▸ THE TASK: Within the records below, find the line containing "this 1280×1080 image.". Reproduce it and each line after it exactly, and nothing else.

Collected data
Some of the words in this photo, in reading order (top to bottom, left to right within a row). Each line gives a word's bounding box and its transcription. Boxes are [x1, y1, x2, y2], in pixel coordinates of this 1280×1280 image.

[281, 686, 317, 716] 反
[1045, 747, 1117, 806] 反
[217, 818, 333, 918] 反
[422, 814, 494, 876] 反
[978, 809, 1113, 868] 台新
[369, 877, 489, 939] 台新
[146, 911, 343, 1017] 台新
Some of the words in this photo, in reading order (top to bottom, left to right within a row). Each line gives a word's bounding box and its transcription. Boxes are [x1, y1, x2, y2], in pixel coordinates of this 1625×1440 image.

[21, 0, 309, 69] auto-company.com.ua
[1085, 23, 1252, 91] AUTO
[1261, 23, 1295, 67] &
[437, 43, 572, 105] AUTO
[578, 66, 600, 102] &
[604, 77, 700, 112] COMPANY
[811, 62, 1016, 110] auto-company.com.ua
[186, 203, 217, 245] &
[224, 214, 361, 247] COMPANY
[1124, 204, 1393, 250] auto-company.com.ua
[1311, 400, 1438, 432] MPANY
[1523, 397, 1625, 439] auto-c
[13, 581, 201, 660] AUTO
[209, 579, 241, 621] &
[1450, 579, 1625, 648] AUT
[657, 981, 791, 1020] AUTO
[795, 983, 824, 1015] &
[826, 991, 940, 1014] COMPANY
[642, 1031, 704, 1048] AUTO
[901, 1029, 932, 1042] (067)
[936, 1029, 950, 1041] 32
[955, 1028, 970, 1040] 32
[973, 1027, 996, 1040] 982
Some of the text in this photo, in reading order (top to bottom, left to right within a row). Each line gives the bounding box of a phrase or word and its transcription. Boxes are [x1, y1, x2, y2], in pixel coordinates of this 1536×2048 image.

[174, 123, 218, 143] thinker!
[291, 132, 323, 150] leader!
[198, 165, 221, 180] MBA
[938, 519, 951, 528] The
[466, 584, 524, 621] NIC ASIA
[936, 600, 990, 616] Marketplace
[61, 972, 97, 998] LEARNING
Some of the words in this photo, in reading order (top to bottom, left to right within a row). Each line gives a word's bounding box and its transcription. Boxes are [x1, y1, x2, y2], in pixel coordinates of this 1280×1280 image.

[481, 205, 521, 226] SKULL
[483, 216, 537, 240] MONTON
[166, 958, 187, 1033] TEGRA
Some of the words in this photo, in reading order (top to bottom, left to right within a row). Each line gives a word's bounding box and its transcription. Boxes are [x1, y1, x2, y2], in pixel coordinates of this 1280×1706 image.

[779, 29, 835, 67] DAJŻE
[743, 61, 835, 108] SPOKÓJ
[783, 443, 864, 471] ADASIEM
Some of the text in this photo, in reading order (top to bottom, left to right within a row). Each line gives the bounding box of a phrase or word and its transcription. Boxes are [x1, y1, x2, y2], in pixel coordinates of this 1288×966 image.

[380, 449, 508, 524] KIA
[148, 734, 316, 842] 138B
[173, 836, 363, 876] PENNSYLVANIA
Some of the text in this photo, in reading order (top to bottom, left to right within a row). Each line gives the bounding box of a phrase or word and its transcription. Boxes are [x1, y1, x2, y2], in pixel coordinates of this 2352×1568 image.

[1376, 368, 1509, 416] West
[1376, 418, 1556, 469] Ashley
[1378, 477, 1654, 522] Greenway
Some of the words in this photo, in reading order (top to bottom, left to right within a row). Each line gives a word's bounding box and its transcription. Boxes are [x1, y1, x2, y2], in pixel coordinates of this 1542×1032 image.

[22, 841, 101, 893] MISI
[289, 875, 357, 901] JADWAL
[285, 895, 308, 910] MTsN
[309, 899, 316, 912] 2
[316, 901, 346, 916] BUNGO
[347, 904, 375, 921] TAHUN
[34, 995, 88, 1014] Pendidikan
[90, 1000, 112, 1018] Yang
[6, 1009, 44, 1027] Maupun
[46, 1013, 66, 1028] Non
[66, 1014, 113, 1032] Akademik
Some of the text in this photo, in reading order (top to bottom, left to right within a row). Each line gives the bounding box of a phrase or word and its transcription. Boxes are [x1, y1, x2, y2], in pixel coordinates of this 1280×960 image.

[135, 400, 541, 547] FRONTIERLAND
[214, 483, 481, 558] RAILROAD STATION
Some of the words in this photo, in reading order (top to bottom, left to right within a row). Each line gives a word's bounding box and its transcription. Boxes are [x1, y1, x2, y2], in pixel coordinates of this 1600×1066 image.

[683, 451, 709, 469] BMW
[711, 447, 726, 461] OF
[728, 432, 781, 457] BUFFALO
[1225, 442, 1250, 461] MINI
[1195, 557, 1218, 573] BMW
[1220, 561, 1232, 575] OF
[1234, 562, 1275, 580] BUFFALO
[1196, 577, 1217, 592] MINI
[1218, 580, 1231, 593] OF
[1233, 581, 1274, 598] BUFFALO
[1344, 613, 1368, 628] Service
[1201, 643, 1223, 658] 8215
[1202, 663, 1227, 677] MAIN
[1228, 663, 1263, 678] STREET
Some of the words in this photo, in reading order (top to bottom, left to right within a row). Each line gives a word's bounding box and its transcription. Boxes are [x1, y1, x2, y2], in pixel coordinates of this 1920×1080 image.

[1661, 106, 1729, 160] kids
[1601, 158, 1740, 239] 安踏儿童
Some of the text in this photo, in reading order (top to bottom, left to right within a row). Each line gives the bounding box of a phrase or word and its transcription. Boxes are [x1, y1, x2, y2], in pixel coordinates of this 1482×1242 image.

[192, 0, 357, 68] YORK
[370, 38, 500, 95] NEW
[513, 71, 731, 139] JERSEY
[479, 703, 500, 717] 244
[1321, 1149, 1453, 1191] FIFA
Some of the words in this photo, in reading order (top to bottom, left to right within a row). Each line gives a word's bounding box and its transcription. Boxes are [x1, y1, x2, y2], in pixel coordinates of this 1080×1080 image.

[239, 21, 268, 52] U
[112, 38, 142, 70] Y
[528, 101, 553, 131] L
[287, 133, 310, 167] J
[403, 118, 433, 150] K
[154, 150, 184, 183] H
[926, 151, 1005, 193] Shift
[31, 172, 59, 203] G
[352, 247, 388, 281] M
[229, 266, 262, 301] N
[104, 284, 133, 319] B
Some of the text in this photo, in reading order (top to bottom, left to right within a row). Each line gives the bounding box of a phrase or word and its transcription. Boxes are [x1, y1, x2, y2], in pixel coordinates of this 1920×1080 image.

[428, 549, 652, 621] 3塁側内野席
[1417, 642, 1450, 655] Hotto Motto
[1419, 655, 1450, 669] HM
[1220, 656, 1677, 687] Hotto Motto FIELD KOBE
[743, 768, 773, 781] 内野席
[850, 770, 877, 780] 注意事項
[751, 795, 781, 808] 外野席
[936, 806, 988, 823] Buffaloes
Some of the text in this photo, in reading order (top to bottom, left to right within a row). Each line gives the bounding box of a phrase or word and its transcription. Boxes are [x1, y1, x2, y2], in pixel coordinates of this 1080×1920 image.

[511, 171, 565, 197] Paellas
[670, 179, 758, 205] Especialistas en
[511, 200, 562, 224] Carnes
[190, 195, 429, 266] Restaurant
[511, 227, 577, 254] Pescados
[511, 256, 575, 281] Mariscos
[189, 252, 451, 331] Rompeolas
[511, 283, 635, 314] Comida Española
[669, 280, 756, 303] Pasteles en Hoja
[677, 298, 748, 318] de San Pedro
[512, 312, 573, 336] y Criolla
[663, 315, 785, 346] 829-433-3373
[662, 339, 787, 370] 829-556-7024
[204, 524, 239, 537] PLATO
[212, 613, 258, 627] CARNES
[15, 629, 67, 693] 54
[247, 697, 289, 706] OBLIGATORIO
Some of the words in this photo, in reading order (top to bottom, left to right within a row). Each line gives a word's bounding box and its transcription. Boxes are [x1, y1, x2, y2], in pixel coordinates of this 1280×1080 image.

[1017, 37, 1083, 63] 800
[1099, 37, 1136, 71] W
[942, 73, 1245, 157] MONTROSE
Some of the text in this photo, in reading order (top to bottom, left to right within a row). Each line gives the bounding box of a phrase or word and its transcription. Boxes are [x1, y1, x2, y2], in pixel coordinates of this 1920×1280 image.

▸ ANSWER TO THIS TASK:
Some of the words in this photo, in reading order (top to bottom, left to right within a row). Each line gives a word's bounding box and its transcription. Boxes are [x1, y1, x2, y2], in pixel coordinates of this 1280×1080 image.

[1017, 37, 1083, 63] 800
[1099, 37, 1136, 71] W
[942, 73, 1245, 157] MONTROSE
Some of the text in this photo, in reading order (top to bottom, left to right within a row). Each line gives the bounding box of a phrase or word and its transcription. Boxes are [x1, y1, x2, y2], in pixel coordinates of this 1920×1280 image.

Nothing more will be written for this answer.